No one believes the short man or the uncle give a flying you know what about them. It is Tambon, Amphoe and Province only
 
It is almost impossible to find new TV programs and films from the west that have no expletives, irrespective of the age restrictions applied by their distributors ('old' British Board of Film Censors style.) Over the years, it has led to the huge increase in kids of all ages indiscriminately using foul language in public. Back in the day, while schoolkids certainly used foul language, they mostly did so out of the hearing of their parents and teachers. Those who didn't were educated in the art of receiving punishment.

Literacy is a gift, a reward for reading good literature. As movies and 'sensationalist' TV has spread, literacy has diminished in inverse proportion. I'm all for freedom of expression as opposed to subjecting all and sundry to the censor's red pen. On the other hand, hearing kids up to the age of 100 years in the UK - or elsewhere - who seem unable to form sentences without inserting expletives to emphasise their illiteracy.

As a kid, I never swore in front of my parents, grandparents, teachers, etc., on pain of a clip round the ear or equivalent. I find, still, that it is not necessary to insert foul or abusive language to communicate, any more than it is necessary to shoot innocents to demonstrate one's lunacy.

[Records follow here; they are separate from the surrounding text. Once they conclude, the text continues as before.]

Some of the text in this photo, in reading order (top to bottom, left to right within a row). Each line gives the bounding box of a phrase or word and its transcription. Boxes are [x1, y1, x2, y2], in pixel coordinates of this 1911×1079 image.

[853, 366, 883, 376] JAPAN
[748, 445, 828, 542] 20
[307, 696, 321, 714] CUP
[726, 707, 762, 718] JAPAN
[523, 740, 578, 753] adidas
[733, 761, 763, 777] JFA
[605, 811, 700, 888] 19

It appears that society insists on being progressive, suggesting that the present is better than the past in many ways. During my lifetime, crimes have become more difficult to prevent and even more difficult to solve as the Authorities have - unbelievably in many cases - allowed them to be 'overlooked' on the pretext of that reducing the cost of policing. In the real world, the cost of those crimes still has to be paid for, one way or another, and allowing a crime to go unpunished is the easiest way of ensuring that it will be committed again. Decriminalising is in many respects a admission that Authorities can no longer do their jobs properly. The failure started somewhere - maybe as basic as failing to recognise that the adage 'look after the pennies and the pounds will look after themselves' applies just as much to crime prevention and promoting decent behaviour in society as it does to encourage kids to save for that rainy day.

Keep the bad words list. That way they will never become good words.